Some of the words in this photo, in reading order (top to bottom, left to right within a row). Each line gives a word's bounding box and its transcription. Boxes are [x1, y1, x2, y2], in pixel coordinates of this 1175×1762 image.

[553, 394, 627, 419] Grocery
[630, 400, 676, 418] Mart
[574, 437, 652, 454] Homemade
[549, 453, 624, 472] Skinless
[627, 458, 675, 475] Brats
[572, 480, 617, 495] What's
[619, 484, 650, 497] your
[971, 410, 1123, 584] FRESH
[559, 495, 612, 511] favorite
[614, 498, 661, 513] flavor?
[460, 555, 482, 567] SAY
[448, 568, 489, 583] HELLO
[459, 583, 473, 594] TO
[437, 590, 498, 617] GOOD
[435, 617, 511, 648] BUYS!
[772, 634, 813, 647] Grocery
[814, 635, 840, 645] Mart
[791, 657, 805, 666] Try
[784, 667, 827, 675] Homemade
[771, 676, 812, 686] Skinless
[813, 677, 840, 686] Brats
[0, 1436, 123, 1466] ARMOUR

════════════════════

## Task objective
Make an exact transcription of the entries.

## Response for this exercise
Some of the words in this photo, in reading order (top to bottom, left to right within a row). Each line gives a word's bounding box and its transcription. Boxes are [x1, y1, x2, y2], in pixel coordinates of this 1175×1762 image.

[553, 394, 627, 419] Grocery
[630, 400, 676, 418] Mart
[574, 437, 652, 454] Homemade
[549, 453, 624, 472] Skinless
[627, 458, 675, 475] Brats
[572, 480, 617, 495] What's
[619, 484, 650, 497] your
[971, 410, 1123, 584] FRESH
[559, 495, 612, 511] favorite
[614, 498, 661, 513] flavor?
[460, 555, 482, 567] SAY
[448, 568, 489, 583] HELLO
[459, 583, 473, 594] TO
[437, 590, 498, 617] GOOD
[435, 617, 511, 648] BUYS!
[772, 634, 813, 647] Grocery
[814, 635, 840, 645] Mart
[791, 657, 805, 666] Try
[784, 667, 827, 675] Homemade
[771, 676, 812, 686] Skinless
[813, 677, 840, 686] Brats
[0, 1436, 123, 1466] ARMOUR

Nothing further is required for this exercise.